Ту ночь они провели в разных комнатах.
Кто-то, казалось, безостановочно твердил ему в самое ухо: «Есеней ты уже стар, а Улпан нужен ребенок… Есеней, ты уже стар… а… Есеней, ты…»
В разных комнатах, но думали они об одном. Нет, не только рождение сына у Шынар с Мусрепом вызвало у Улпан навязчивую мысль о ребенке. Что-то ее беспокоило и до этого. Она поначалу не придавала значения – так с ней случается, накануне ее дней… А может быть… Она и хотела поверить, и боялась поверить. Утомленная сомнениями, – будто триста верст не слезала с седла, – Улпан заснула.

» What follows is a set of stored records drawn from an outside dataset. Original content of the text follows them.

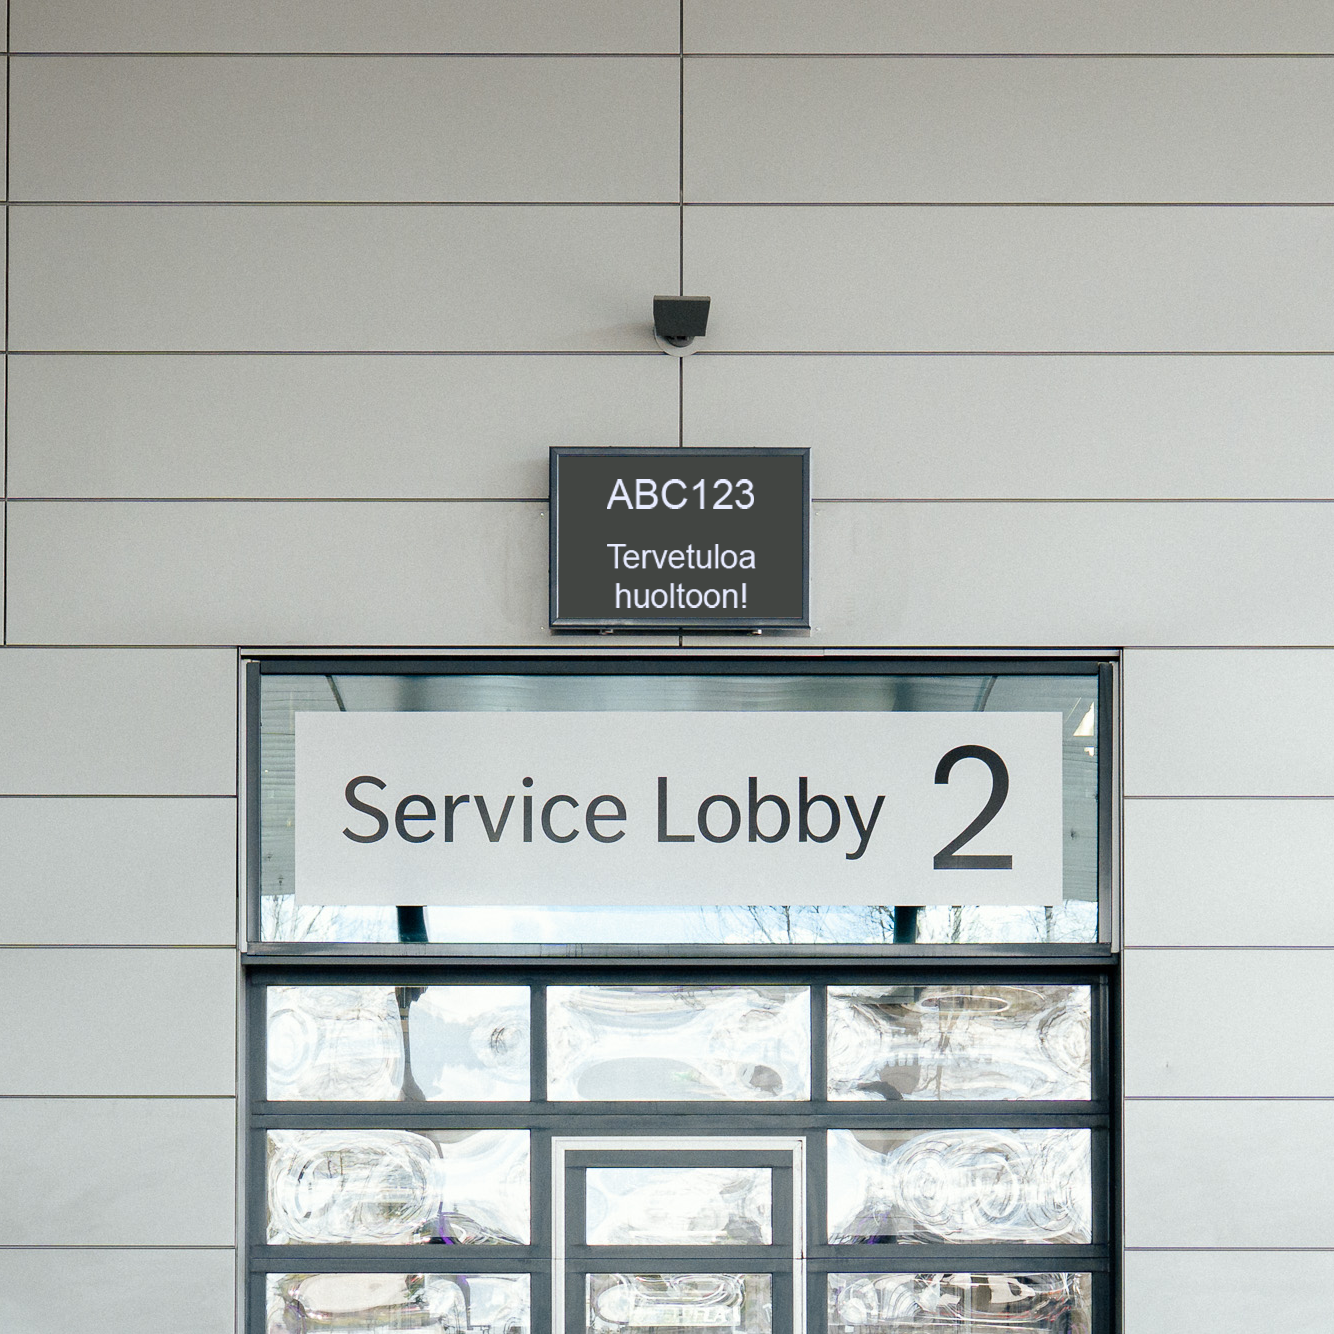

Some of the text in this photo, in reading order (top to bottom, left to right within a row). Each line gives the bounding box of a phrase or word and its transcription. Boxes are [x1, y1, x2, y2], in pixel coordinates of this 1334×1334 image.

[606, 478, 756, 510] ABC123
[606, 543, 757, 569] Tervetuloa
[614, 582, 748, 609] huoltoon!
[342, 744, 1013, 870] Service Lobby 2
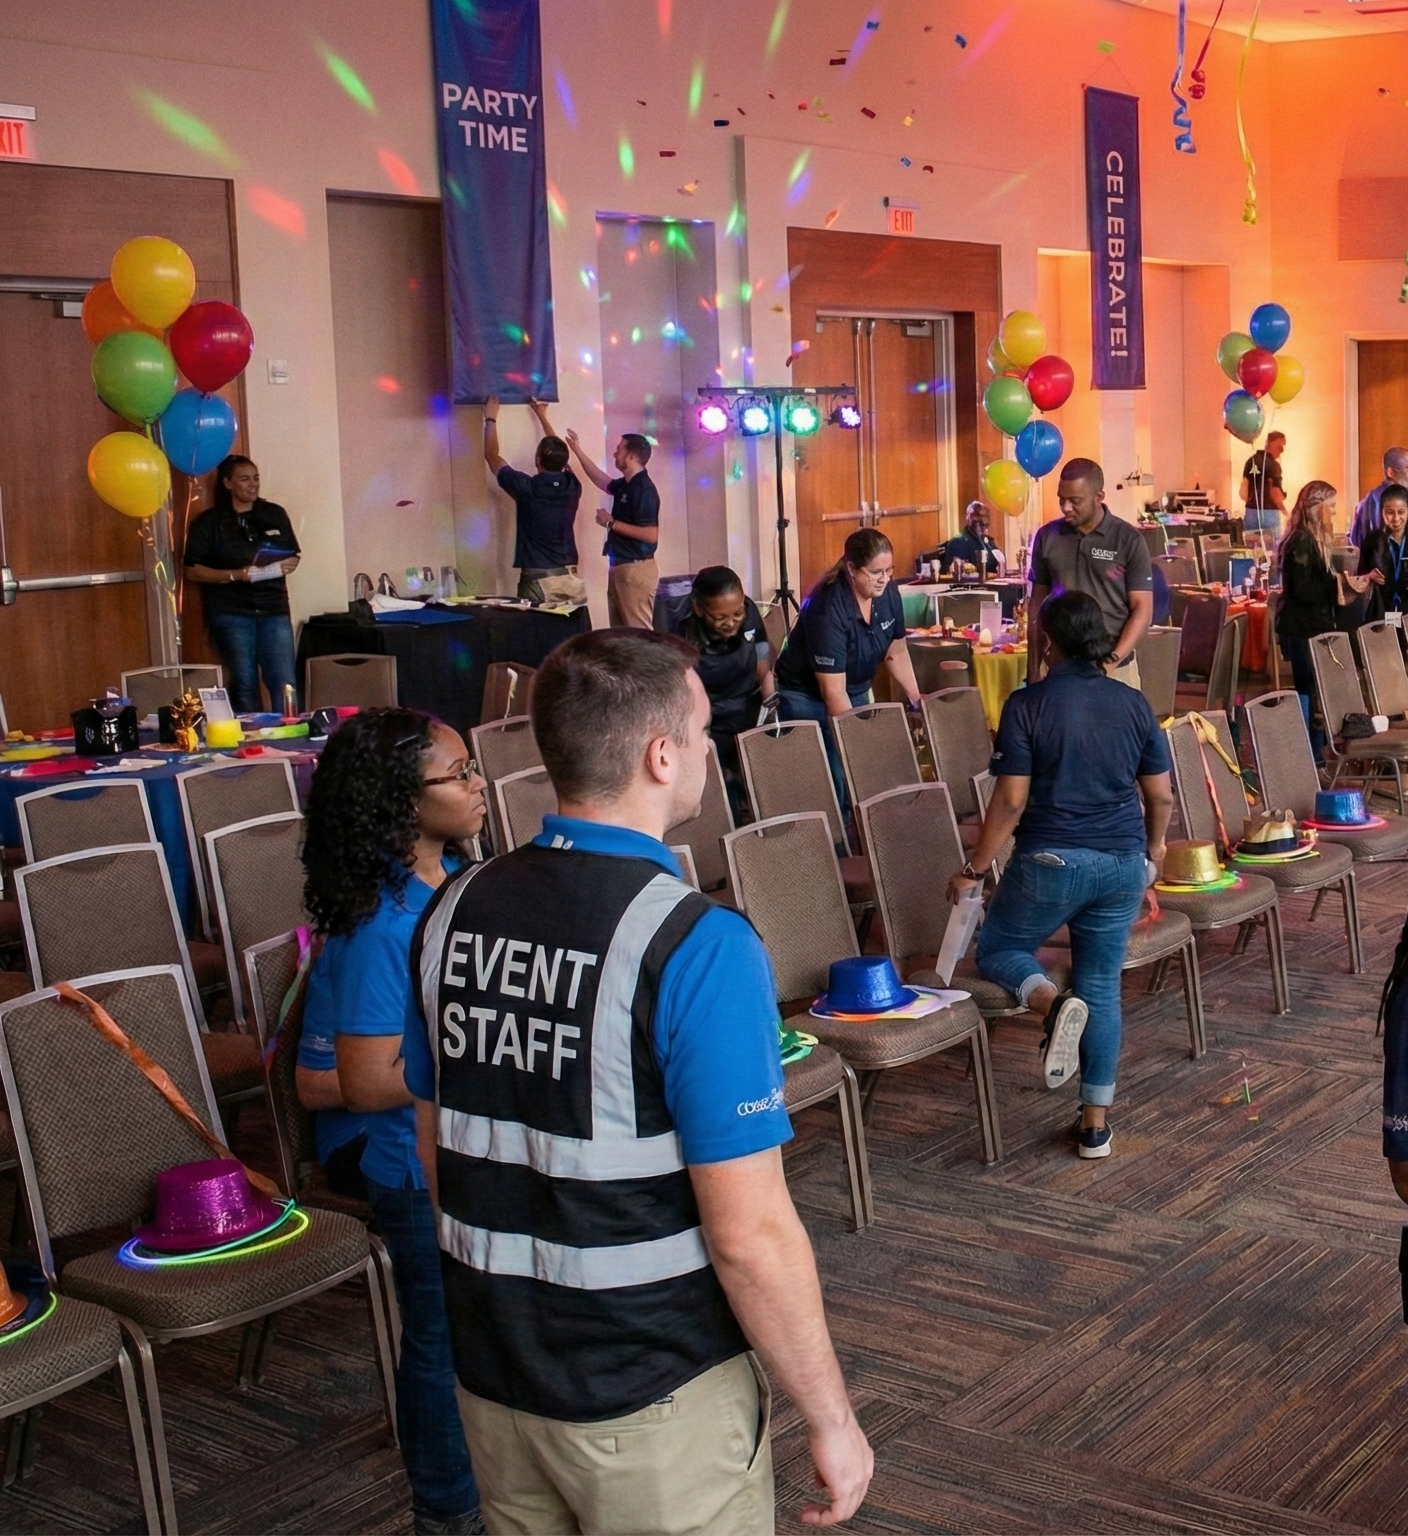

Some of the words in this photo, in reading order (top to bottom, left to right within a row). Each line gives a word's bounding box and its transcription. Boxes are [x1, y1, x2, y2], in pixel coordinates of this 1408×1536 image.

И проснулась, почувствовав во рту вкус хлеба – испеченного в горячей золе хлеба, с прилипшими к нему черными угольками, которые хрустели на зубах… Тот самый хлеб, что она ела в самый первый свой приезд к Шынар.
Она вскочила – и как была, в ночной рубашке, босиком, кинулась в комнату к Есенею, Салбыру сказала, чтобы шел домой, и, еле дождавшись, когда он уйдет, погасила лампу, оставленную на ночь: ей нужна была темнота, чтобы сказать то, что она должна была сказать Есенею.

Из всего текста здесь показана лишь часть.